The idea would be that my character from years ago, Moe Gorman, would host an online entertainment show. Moe would host and sing a song or recite a poem or whatever, and then introduce that episode’s special guest.

Moe is a guy who fancies himself a poet/songwriter who specializes in works about people who piss him off

Upon approval from Alanna Jankov at The Guild, the call went out, to friends mostly, asking people to send in videos of themselves being entertaining in some way.

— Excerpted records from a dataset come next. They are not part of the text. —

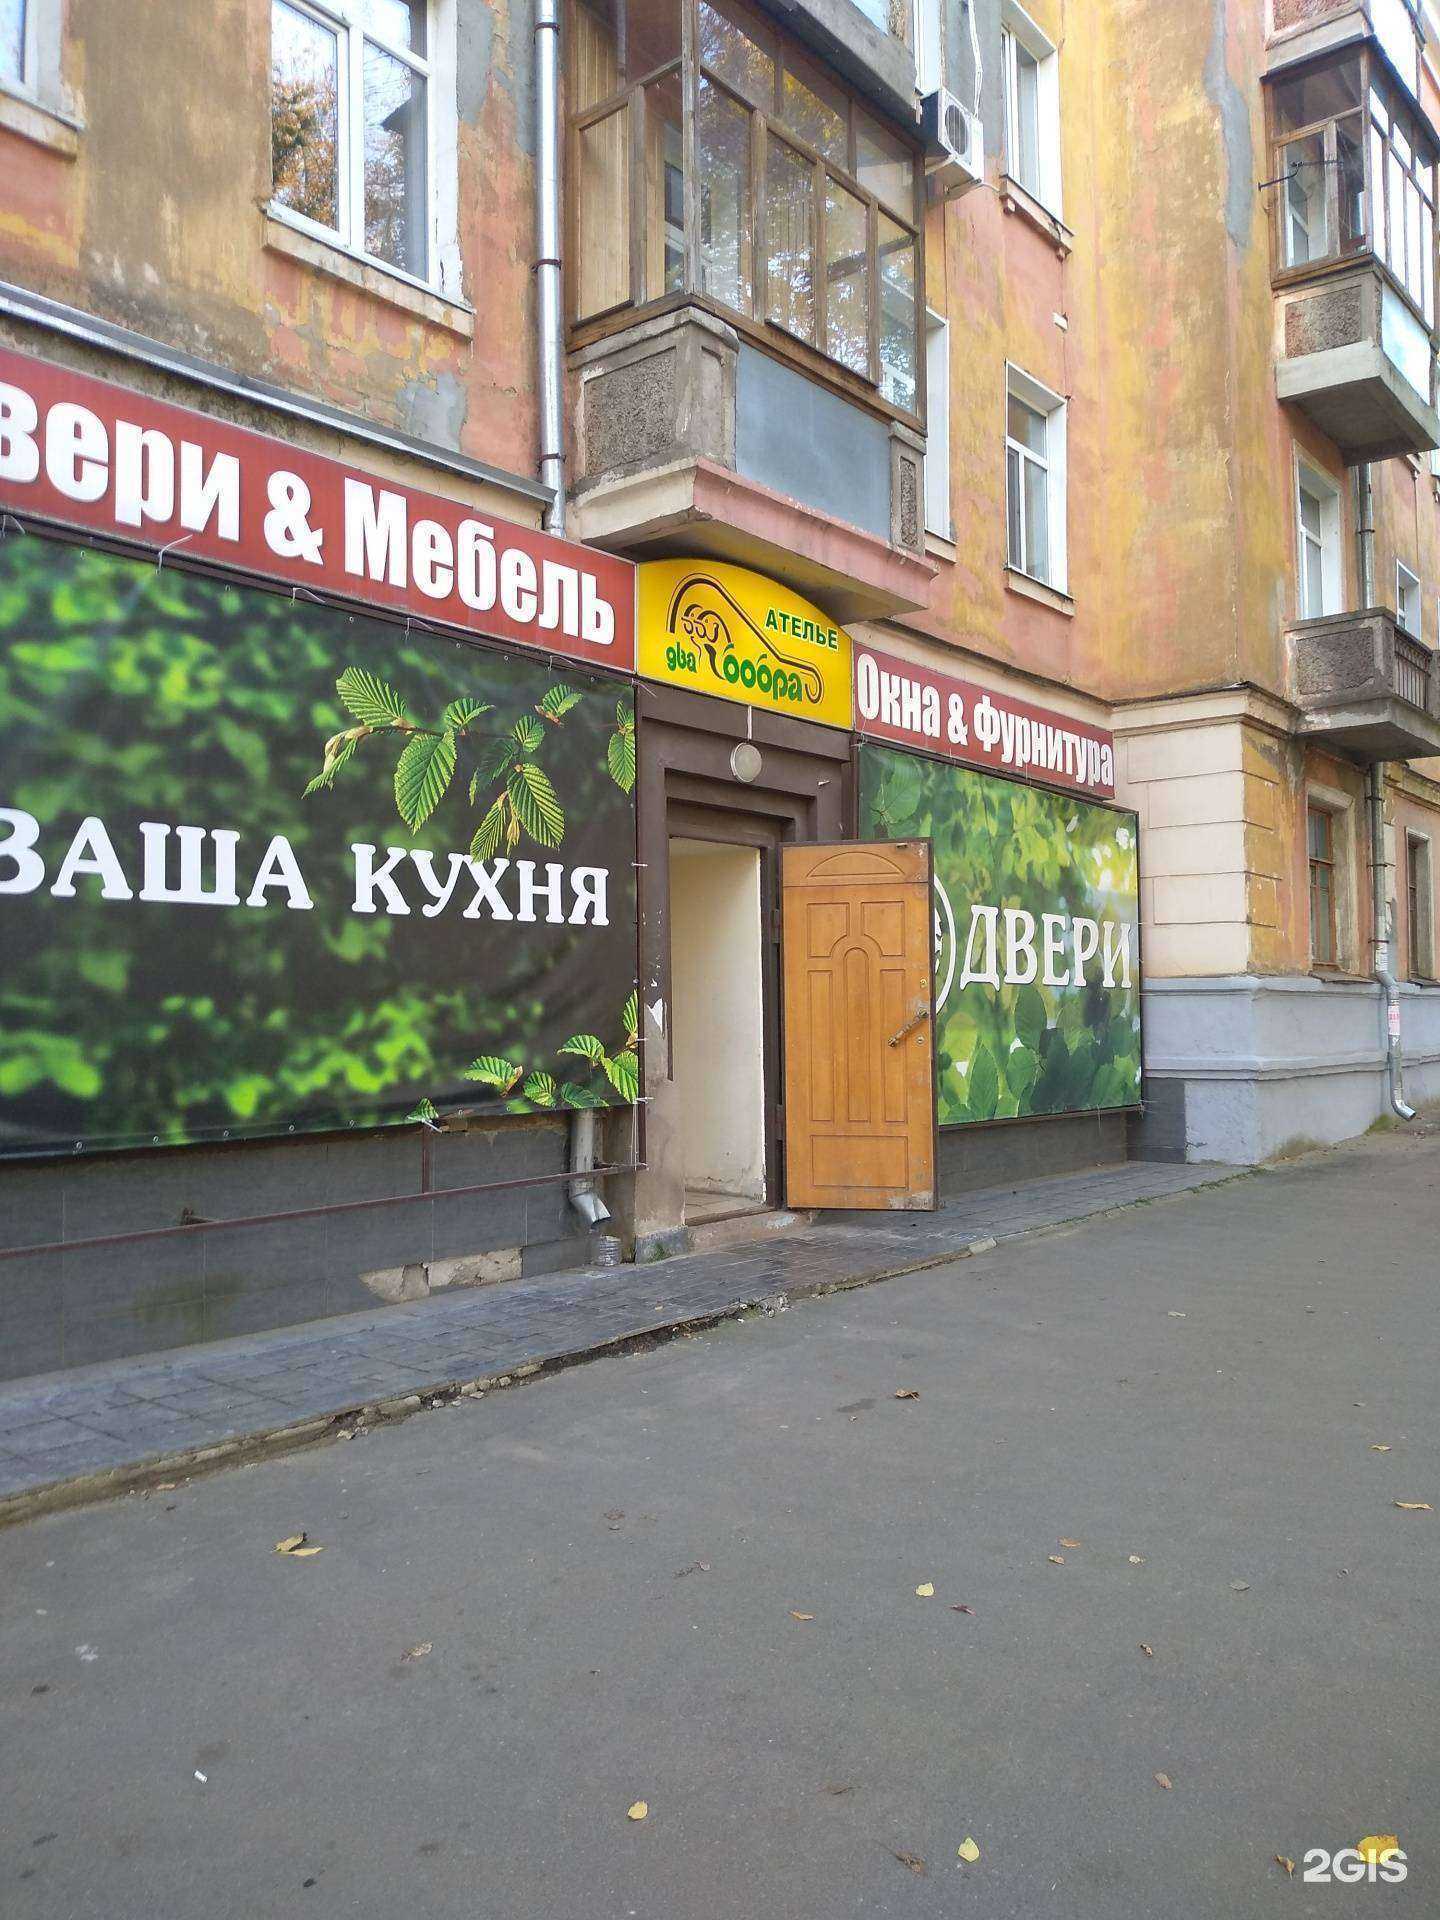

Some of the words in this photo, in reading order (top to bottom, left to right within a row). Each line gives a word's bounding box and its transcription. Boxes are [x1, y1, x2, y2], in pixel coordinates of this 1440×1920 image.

[263, 469, 325, 567] &
[343, 476, 617, 646] Мебель
[722, 642, 803, 703] бобра
[765, 609, 838, 650] АТЕЛЬЕ
[856, 652, 941, 738] Окна
[947, 692, 969, 747] &
[973, 694, 1114, 787] Фурнитура
[0, 807, 314, 910] ВАША
[350, 842, 610, 926] КУХНЯ
[959, 904, 1133, 992] ДВЕРИ

Not long after, we got our first contribution, from MaryAnne FitzPatrick, who decided this was a perfect opportunity to jump out of her comfort zone and commited to singing a song – something she loved to do in a past life but hadn’t done much singing recently. That first episode of Moe’s Island Jamboree is below. I’m happy to report that MaryAnne has continued with her Singing While Cooking videos on Facebook, and am thrilled that she seems to have rediscovered her love of singing!

Moe recites a poem about Malcolm McKearney and guest MaryAnne FitzPatrick sings a song!

This is the first episode in the series, and its rawness can be exemplified in many elements within, not in the least the unadorned theme song. I (or I should say Moe) wrote the poem about Malcolm McKearney a month or so before this was shot. I didn’t have it memorized, didn’t have the desire to memorize it, and so I came up with the clunky editing style you see here. I would go on to utilize this “line at a time” editing style in many of Moe’s videos.

More on more of Moe’s Island Jamboree episodes, and other things, in future posts.